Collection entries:
━━━━━━━━━━

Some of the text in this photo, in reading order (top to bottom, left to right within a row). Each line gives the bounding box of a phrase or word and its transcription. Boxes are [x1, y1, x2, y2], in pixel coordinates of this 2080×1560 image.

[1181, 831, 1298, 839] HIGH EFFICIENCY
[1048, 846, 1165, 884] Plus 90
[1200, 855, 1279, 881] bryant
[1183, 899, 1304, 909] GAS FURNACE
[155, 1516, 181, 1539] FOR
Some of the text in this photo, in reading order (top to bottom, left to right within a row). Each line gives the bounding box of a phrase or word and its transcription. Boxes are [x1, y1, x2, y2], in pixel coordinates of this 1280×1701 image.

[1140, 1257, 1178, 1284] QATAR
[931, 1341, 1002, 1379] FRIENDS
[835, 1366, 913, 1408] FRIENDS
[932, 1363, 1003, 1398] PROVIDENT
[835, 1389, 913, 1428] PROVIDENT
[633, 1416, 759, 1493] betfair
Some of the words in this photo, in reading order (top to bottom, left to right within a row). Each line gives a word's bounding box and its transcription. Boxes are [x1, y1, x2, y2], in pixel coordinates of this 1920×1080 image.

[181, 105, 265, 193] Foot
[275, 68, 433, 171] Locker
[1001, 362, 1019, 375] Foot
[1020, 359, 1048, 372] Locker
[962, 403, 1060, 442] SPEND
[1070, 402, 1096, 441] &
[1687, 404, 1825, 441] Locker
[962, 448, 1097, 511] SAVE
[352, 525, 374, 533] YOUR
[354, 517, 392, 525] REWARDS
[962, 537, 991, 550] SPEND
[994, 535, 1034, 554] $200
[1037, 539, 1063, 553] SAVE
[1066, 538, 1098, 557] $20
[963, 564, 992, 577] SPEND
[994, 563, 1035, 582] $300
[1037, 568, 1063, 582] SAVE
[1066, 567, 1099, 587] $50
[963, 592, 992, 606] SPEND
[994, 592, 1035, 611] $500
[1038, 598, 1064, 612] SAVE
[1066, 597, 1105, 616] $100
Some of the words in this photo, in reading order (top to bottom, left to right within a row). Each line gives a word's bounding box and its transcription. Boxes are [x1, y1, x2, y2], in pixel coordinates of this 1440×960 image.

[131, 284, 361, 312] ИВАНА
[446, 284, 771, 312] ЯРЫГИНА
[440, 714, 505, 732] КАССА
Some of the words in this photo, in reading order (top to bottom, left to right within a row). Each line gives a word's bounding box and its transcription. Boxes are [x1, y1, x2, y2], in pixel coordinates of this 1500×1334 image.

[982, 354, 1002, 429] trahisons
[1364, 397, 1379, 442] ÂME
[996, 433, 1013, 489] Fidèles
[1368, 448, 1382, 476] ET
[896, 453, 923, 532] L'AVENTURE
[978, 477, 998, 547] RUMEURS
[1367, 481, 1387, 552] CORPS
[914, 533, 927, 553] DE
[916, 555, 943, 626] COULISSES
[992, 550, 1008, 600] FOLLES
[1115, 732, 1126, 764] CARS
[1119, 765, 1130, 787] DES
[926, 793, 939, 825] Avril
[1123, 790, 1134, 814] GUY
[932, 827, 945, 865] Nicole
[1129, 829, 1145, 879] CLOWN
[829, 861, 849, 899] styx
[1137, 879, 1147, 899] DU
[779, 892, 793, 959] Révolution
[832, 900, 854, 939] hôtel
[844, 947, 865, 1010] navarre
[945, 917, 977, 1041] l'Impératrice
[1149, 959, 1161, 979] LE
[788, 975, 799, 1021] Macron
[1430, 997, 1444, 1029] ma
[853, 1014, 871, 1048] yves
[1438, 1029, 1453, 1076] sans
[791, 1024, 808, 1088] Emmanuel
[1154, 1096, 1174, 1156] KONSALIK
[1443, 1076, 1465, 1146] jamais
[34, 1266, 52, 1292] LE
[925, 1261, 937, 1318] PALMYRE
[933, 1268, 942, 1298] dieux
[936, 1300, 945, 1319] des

━━━━━━━━━━

▶ _WORK ORDER_
A verbatim copy of all the records is required. Write it out in full.

▶ _OUTPUT BELOW_
Some of the text in this photo, in reading order (top to bottom, left to right within a row). Each line gives the bounding box of a phrase or word and its transcription. Boxes are [x1, y1, x2, y2], in pixel coordinates of this 2080×1560 image.

[1181, 831, 1298, 839] HIGH EFFICIENCY
[1048, 846, 1165, 884] Plus 90
[1200, 855, 1279, 881] bryant
[1183, 899, 1304, 909] GAS FURNACE
[155, 1516, 181, 1539] FOR
Some of the text in this photo, in reading order (top to bottom, left to right within a row). Each line gives the bounding box of a phrase or word and its transcription. Boxes are [x1, y1, x2, y2], in pixel coordinates of this 1280×1701 image.

[1140, 1257, 1178, 1284] QATAR
[931, 1341, 1002, 1379] FRIENDS
[835, 1366, 913, 1408] FRIENDS
[932, 1363, 1003, 1398] PROVIDENT
[835, 1389, 913, 1428] PROVIDENT
[633, 1416, 759, 1493] betfair
Some of the words in this photo, in reading order (top to bottom, left to right within a row). Each line gives a word's bounding box and its transcription. Boxes are [x1, y1, x2, y2], in pixel coordinates of this 1920×1080 image.

[181, 105, 265, 193] Foot
[275, 68, 433, 171] Locker
[1001, 362, 1019, 375] Foot
[1020, 359, 1048, 372] Locker
[962, 403, 1060, 442] SPEND
[1070, 402, 1096, 441] &
[1687, 404, 1825, 441] Locker
[962, 448, 1097, 511] SAVE
[352, 525, 374, 533] YOUR
[354, 517, 392, 525] REWARDS
[962, 537, 991, 550] SPEND
[994, 535, 1034, 554] $200
[1037, 539, 1063, 553] SAVE
[1066, 538, 1098, 557] $20
[963, 564, 992, 577] SPEND
[994, 563, 1035, 582] $300
[1037, 568, 1063, 582] SAVE
[1066, 567, 1099, 587] $50
[963, 592, 992, 606] SPEND
[994, 592, 1035, 611] $500
[1038, 598, 1064, 612] SAVE
[1066, 597, 1105, 616] $100
Some of the words in this photo, in reading order (top to bottom, left to right within a row). Each line gives a word's bounding box and its transcription. Boxes are [x1, y1, x2, y2], in pixel coordinates of this 1440×960 image.

[131, 284, 361, 312] ИВАНА
[446, 284, 771, 312] ЯРЫГИНА
[440, 714, 505, 732] КАССА
Some of the words in this photo, in reading order (top to bottom, left to right within a row). Each line gives a word's bounding box and its transcription. Boxes are [x1, y1, x2, y2], in pixel coordinates of this 1500×1334 image.

[982, 354, 1002, 429] trahisons
[1364, 397, 1379, 442] ÂME
[996, 433, 1013, 489] Fidèles
[1368, 448, 1382, 476] ET
[896, 453, 923, 532] L'AVENTURE
[978, 477, 998, 547] RUMEURS
[1367, 481, 1387, 552] CORPS
[914, 533, 927, 553] DE
[916, 555, 943, 626] COULISSES
[992, 550, 1008, 600] FOLLES
[1115, 732, 1126, 764] CARS
[1119, 765, 1130, 787] DES
[926, 793, 939, 825] Avril
[1123, 790, 1134, 814] GUY
[932, 827, 945, 865] Nicole
[1129, 829, 1145, 879] CLOWN
[829, 861, 849, 899] styx
[1137, 879, 1147, 899] DU
[779, 892, 793, 959] Révolution
[832, 900, 854, 939] hôtel
[844, 947, 865, 1010] navarre
[945, 917, 977, 1041] l'Impératrice
[1149, 959, 1161, 979] LE
[788, 975, 799, 1021] Macron
[1430, 997, 1444, 1029] ma
[853, 1014, 871, 1048] yves
[1438, 1029, 1453, 1076] sans
[791, 1024, 808, 1088] Emmanuel
[1154, 1096, 1174, 1156] KONSALIK
[1443, 1076, 1465, 1146] jamais
[34, 1266, 52, 1292] LE
[925, 1261, 937, 1318] PALMYRE
[933, 1268, 942, 1298] dieux
[936, 1300, 945, 1319] des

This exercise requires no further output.